Task description = Retype the records that come next, word for word.
*** Opening of Listed entries ***
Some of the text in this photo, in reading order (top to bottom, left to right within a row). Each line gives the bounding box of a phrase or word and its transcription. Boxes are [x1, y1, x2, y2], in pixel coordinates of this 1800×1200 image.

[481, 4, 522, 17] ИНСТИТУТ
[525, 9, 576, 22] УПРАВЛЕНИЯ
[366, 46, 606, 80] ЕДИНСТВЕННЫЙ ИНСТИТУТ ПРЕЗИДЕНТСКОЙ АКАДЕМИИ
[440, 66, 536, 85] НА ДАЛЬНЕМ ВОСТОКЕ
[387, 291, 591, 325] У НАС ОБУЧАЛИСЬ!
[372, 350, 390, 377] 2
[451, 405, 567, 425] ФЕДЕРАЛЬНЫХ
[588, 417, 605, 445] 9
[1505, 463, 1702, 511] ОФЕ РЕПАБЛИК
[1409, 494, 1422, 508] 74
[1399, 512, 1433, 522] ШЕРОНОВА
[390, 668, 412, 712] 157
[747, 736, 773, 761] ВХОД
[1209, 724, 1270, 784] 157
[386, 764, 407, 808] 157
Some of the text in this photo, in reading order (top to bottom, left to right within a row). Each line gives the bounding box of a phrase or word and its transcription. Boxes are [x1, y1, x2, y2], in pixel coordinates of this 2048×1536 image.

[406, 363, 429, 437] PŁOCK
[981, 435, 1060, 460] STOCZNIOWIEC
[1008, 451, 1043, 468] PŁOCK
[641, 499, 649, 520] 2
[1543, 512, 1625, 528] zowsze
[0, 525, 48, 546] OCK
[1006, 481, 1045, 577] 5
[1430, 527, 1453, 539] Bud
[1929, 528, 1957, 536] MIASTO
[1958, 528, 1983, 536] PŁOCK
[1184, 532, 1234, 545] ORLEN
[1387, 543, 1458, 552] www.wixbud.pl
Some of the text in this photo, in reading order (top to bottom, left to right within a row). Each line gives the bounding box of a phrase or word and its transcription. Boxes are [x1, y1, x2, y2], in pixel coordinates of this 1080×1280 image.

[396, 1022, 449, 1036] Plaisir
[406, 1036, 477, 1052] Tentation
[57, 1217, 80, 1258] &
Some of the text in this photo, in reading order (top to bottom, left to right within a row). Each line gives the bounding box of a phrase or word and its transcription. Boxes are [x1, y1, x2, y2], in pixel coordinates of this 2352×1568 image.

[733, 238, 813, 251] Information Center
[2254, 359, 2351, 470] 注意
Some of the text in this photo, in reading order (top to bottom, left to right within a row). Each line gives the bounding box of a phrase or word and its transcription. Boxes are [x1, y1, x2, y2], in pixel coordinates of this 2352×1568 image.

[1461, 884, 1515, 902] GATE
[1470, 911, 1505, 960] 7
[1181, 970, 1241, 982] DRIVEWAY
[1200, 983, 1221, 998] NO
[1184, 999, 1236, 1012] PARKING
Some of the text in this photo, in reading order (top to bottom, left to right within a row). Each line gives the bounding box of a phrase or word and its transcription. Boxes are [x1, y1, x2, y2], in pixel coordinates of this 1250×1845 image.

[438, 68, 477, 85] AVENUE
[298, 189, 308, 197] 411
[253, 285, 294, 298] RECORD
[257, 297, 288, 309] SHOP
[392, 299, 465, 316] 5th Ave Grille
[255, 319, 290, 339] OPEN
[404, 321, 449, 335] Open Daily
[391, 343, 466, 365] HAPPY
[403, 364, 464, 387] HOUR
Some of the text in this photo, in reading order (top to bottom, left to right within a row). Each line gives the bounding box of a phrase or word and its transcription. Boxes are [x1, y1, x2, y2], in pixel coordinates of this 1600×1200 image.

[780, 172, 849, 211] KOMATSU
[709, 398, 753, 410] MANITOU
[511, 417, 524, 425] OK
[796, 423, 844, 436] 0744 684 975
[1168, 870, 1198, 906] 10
*** Close of Listed entries ***
Written response =
Some of the text in this photo, in reading order (top to bottom, left to right within a row). Each line gives the bounding box of a phrase or word and its transcription. Boxes are [x1, y1, x2, y2], in pixel coordinates of this 1800×1200 image.

[481, 4, 522, 17] ИНСТИТУТ
[525, 9, 576, 22] УПРАВЛЕНИЯ
[366, 46, 606, 80] ЕДИНСТВЕННЫЙ ИНСТИТУТ ПРЕЗИДЕНТСКОЙ АКАДЕМИИ
[440, 66, 536, 85] НА ДАЛЬНЕМ ВОСТОКЕ
[387, 291, 591, 325] У НАС ОБУЧАЛИСЬ!
[372, 350, 390, 377] 2
[451, 405, 567, 425] ФЕДЕРАЛЬНЫХ
[588, 417, 605, 445] 9
[1505, 463, 1702, 511] ОФЕ РЕПАБЛИК
[1409, 494, 1422, 508] 74
[1399, 512, 1433, 522] ШЕРОНОВА
[390, 668, 412, 712] 157
[747, 736, 773, 761] ВХОД
[1209, 724, 1270, 784] 157
[386, 764, 407, 808] 157
Some of the text in this photo, in reading order (top to bottom, left to right within a row). Each line gives the bounding box of a phrase or word and its transcription. Boxes are [x1, y1, x2, y2], in pixel coordinates of this 2048×1536 image.

[406, 363, 429, 437] PŁOCK
[981, 435, 1060, 460] STOCZNIOWIEC
[1008, 451, 1043, 468] PŁOCK
[641, 499, 649, 520] 2
[1543, 512, 1625, 528] zowsze
[0, 525, 48, 546] OCK
[1006, 481, 1045, 577] 5
[1430, 527, 1453, 539] Bud
[1929, 528, 1957, 536] MIASTO
[1958, 528, 1983, 536] PŁOCK
[1184, 532, 1234, 545] ORLEN
[1387, 543, 1458, 552] www.wixbud.pl
Some of the text in this photo, in reading order (top to bottom, left to right within a row). Each line gives the bounding box of a phrase or word and its transcription. Boxes are [x1, y1, x2, y2], in pixel coordinates of this 1080×1280 image.

[396, 1022, 449, 1036] Plaisir
[406, 1036, 477, 1052] Tentation
[57, 1217, 80, 1258] &
Some of the text in this photo, in reading order (top to bottom, left to right within a row). Each line gives the bounding box of a phrase or word and its transcription. Boxes are [x1, y1, x2, y2], in pixel coordinates of this 2352×1568 image.

[733, 238, 813, 251] Information Center
[2254, 359, 2351, 470] 注意
Some of the text in this photo, in reading order (top to bottom, left to right within a row). Each line gives the bounding box of a phrase or word and its transcription. Boxes are [x1, y1, x2, y2], in pixel coordinates of this 2352×1568 image.

[1461, 884, 1515, 902] GATE
[1470, 911, 1505, 960] 7
[1181, 970, 1241, 982] DRIVEWAY
[1200, 983, 1221, 998] NO
[1184, 999, 1236, 1012] PARKING
Some of the text in this photo, in reading order (top to bottom, left to right within a row). Each line gives the bounding box of a phrase or word and its transcription. Boxes are [x1, y1, x2, y2], in pixel coordinates of this 1250×1845 image.

[438, 68, 477, 85] AVENUE
[298, 189, 308, 197] 411
[253, 285, 294, 298] RECORD
[257, 297, 288, 309] SHOP
[392, 299, 465, 316] 5th Ave Grille
[255, 319, 290, 339] OPEN
[404, 321, 449, 335] Open Daily
[391, 343, 466, 365] HAPPY
[403, 364, 464, 387] HOUR
Some of the text in this photo, in reading order (top to bottom, left to right within a row). Each line gives the bounding box of a phrase or word and its transcription. Boxes are [x1, y1, x2, y2], in pixel coordinates of this 1600×1200 image.

[780, 172, 849, 211] KOMATSU
[709, 398, 753, 410] MANITOU
[511, 417, 524, 425] OK
[796, 423, 844, 436] 0744 684 975
[1168, 870, 1198, 906] 10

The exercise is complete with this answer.